[Records from a data source]
-------

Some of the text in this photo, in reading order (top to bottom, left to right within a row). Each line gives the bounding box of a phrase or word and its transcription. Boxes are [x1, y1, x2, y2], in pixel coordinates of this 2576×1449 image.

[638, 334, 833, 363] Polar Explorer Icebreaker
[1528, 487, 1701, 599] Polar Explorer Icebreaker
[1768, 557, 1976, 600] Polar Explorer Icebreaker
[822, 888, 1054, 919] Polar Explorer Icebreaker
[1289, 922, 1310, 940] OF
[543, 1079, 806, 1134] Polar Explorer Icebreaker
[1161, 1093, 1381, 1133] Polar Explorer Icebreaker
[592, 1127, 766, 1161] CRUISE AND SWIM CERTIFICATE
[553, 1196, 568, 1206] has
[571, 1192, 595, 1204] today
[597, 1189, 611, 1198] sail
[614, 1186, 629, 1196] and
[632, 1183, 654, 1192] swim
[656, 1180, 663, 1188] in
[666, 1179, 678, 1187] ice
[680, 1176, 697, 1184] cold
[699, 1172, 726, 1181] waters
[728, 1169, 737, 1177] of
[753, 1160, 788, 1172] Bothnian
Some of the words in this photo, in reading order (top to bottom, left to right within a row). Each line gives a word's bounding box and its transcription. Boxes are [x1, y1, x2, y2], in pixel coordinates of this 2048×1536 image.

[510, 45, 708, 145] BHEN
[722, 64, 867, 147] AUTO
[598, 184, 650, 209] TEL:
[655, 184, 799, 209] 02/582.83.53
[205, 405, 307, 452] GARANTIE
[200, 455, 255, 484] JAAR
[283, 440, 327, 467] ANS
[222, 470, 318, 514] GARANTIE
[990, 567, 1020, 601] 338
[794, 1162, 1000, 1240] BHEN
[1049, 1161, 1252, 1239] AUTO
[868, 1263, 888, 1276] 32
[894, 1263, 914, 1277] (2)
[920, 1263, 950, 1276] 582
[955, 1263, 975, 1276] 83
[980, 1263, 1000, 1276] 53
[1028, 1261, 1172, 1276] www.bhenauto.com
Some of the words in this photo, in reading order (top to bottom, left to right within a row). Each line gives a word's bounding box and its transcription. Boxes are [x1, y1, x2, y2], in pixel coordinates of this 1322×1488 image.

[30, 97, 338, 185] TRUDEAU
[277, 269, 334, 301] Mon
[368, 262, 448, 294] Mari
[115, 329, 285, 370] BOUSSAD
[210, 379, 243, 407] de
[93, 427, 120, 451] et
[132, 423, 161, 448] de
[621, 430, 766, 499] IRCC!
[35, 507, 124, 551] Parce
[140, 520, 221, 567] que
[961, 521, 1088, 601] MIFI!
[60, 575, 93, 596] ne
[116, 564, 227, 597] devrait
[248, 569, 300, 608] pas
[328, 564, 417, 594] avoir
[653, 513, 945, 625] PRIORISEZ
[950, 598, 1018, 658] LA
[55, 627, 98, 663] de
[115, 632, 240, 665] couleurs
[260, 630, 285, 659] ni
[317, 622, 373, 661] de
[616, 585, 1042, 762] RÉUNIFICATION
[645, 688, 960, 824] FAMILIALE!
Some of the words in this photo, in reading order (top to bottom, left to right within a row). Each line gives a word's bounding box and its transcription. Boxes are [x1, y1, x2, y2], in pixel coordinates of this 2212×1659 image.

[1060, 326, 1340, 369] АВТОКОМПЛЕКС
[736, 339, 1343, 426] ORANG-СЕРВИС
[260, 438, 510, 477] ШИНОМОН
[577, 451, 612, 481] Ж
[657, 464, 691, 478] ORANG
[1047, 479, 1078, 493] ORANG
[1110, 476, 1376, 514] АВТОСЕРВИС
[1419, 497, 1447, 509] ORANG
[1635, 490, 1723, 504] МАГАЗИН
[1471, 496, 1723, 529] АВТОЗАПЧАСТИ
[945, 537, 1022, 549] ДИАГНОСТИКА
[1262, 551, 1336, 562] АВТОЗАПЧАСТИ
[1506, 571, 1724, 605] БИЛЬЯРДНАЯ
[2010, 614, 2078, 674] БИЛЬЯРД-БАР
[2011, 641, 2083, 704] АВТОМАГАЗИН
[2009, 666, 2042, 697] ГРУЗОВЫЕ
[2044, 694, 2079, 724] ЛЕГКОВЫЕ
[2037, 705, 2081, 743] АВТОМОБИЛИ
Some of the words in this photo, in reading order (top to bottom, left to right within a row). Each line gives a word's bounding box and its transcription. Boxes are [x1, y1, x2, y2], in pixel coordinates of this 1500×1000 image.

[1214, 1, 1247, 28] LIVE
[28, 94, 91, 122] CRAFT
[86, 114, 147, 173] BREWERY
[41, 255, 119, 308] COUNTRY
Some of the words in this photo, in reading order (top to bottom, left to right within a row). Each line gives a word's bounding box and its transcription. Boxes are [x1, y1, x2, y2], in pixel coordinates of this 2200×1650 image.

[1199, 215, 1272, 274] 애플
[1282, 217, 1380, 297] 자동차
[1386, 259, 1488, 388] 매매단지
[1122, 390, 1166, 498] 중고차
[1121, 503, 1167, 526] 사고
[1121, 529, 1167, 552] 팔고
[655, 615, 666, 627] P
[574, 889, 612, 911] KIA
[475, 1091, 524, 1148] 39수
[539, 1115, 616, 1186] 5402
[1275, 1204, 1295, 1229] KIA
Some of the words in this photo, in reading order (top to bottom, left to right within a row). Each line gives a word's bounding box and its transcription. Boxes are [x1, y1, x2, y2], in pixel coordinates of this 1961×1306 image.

-------

## Your task:
Copy every record exactly.

## Response below:
Some of the text in this photo, in reading order (top to bottom, left to right within a row). Each line gives the bounding box of a phrase or word and its transcription. Boxes are [x1, y1, x2, y2], in pixel coordinates of this 2576×1449 image.

[638, 334, 833, 363] Polar Explorer Icebreaker
[1528, 487, 1701, 599] Polar Explorer Icebreaker
[1768, 557, 1976, 600] Polar Explorer Icebreaker
[822, 888, 1054, 919] Polar Explorer Icebreaker
[1289, 922, 1310, 940] OF
[543, 1079, 806, 1134] Polar Explorer Icebreaker
[1161, 1093, 1381, 1133] Polar Explorer Icebreaker
[592, 1127, 766, 1161] CRUISE AND SWIM CERTIFICATE
[553, 1196, 568, 1206] has
[571, 1192, 595, 1204] today
[597, 1189, 611, 1198] sail
[614, 1186, 629, 1196] and
[632, 1183, 654, 1192] swim
[656, 1180, 663, 1188] in
[666, 1179, 678, 1187] ice
[680, 1176, 697, 1184] cold
[699, 1172, 726, 1181] waters
[728, 1169, 737, 1177] of
[753, 1160, 788, 1172] Bothnian
Some of the words in this photo, in reading order (top to bottom, left to right within a row). Each line gives a word's bounding box and its transcription. Boxes are [x1, y1, x2, y2], in pixel coordinates of this 2048×1536 image.

[510, 45, 708, 145] BHEN
[722, 64, 867, 147] AUTO
[598, 184, 650, 209] TEL:
[655, 184, 799, 209] 02/582.83.53
[205, 405, 307, 452] GARANTIE
[200, 455, 255, 484] JAAR
[283, 440, 327, 467] ANS
[222, 470, 318, 514] GARANTIE
[990, 567, 1020, 601] 338
[794, 1162, 1000, 1240] BHEN
[1049, 1161, 1252, 1239] AUTO
[868, 1263, 888, 1276] 32
[894, 1263, 914, 1277] (2)
[920, 1263, 950, 1276] 582
[955, 1263, 975, 1276] 83
[980, 1263, 1000, 1276] 53
[1028, 1261, 1172, 1276] www.bhenauto.com
Some of the words in this photo, in reading order (top to bottom, left to right within a row). Each line gives a word's bounding box and its transcription. Boxes are [x1, y1, x2, y2], in pixel coordinates of this 1322×1488 image.

[30, 97, 338, 185] TRUDEAU
[277, 269, 334, 301] Mon
[368, 262, 448, 294] Mari
[115, 329, 285, 370] BOUSSAD
[210, 379, 243, 407] de
[93, 427, 120, 451] et
[132, 423, 161, 448] de
[621, 430, 766, 499] IRCC!
[35, 507, 124, 551] Parce
[140, 520, 221, 567] que
[961, 521, 1088, 601] MIFI!
[60, 575, 93, 596] ne
[116, 564, 227, 597] devrait
[248, 569, 300, 608] pas
[328, 564, 417, 594] avoir
[653, 513, 945, 625] PRIORISEZ
[950, 598, 1018, 658] LA
[55, 627, 98, 663] de
[115, 632, 240, 665] couleurs
[260, 630, 285, 659] ni
[317, 622, 373, 661] de
[616, 585, 1042, 762] RÉUNIFICATION
[645, 688, 960, 824] FAMILIALE!
Some of the words in this photo, in reading order (top to bottom, left to right within a row). Each line gives a word's bounding box and its transcription. Boxes are [x1, y1, x2, y2], in pixel coordinates of this 2212×1659 image.

[1060, 326, 1340, 369] АВТОКОМПЛЕКС
[736, 339, 1343, 426] ORANG-СЕРВИС
[260, 438, 510, 477] ШИНОМОН
[577, 451, 612, 481] Ж
[657, 464, 691, 478] ORANG
[1047, 479, 1078, 493] ORANG
[1110, 476, 1376, 514] АВТОСЕРВИС
[1419, 497, 1447, 509] ORANG
[1635, 490, 1723, 504] МАГАЗИН
[1471, 496, 1723, 529] АВТОЗАПЧАСТИ
[945, 537, 1022, 549] ДИАГНОСТИКА
[1262, 551, 1336, 562] АВТОЗАПЧАСТИ
[1506, 571, 1724, 605] БИЛЬЯРДНАЯ
[2010, 614, 2078, 674] БИЛЬЯРД-БАР
[2011, 641, 2083, 704] АВТОМАГАЗИН
[2009, 666, 2042, 697] ГРУЗОВЫЕ
[2044, 694, 2079, 724] ЛЕГКОВЫЕ
[2037, 705, 2081, 743] АВТОМОБИЛИ
Some of the words in this photo, in reading order (top to bottom, left to right within a row). Each line gives a word's bounding box and its transcription. Boxes are [x1, y1, x2, y2], in pixel coordinates of this 1500×1000 image.

[1214, 1, 1247, 28] LIVE
[28, 94, 91, 122] CRAFT
[86, 114, 147, 173] BREWERY
[41, 255, 119, 308] COUNTRY
Some of the words in this photo, in reading order (top to bottom, left to right within a row). Each line gives a word's bounding box and its transcription. Boxes are [x1, y1, x2, y2], in pixel coordinates of this 2200×1650 image.

[1199, 215, 1272, 274] 애플
[1282, 217, 1380, 297] 자동차
[1386, 259, 1488, 388] 매매단지
[1122, 390, 1166, 498] 중고차
[1121, 503, 1167, 526] 사고
[1121, 529, 1167, 552] 팔고
[655, 615, 666, 627] P
[574, 889, 612, 911] KIA
[475, 1091, 524, 1148] 39수
[539, 1115, 616, 1186] 5402
[1275, 1204, 1295, 1229] KIA
Some of the words in this photo, in reading order (top to bottom, left to right within a row). Each line gives a word's bounding box and its transcription. Boxes are [x1, y1, x2, y2], in pixel coordinates of this 1961×1306 image.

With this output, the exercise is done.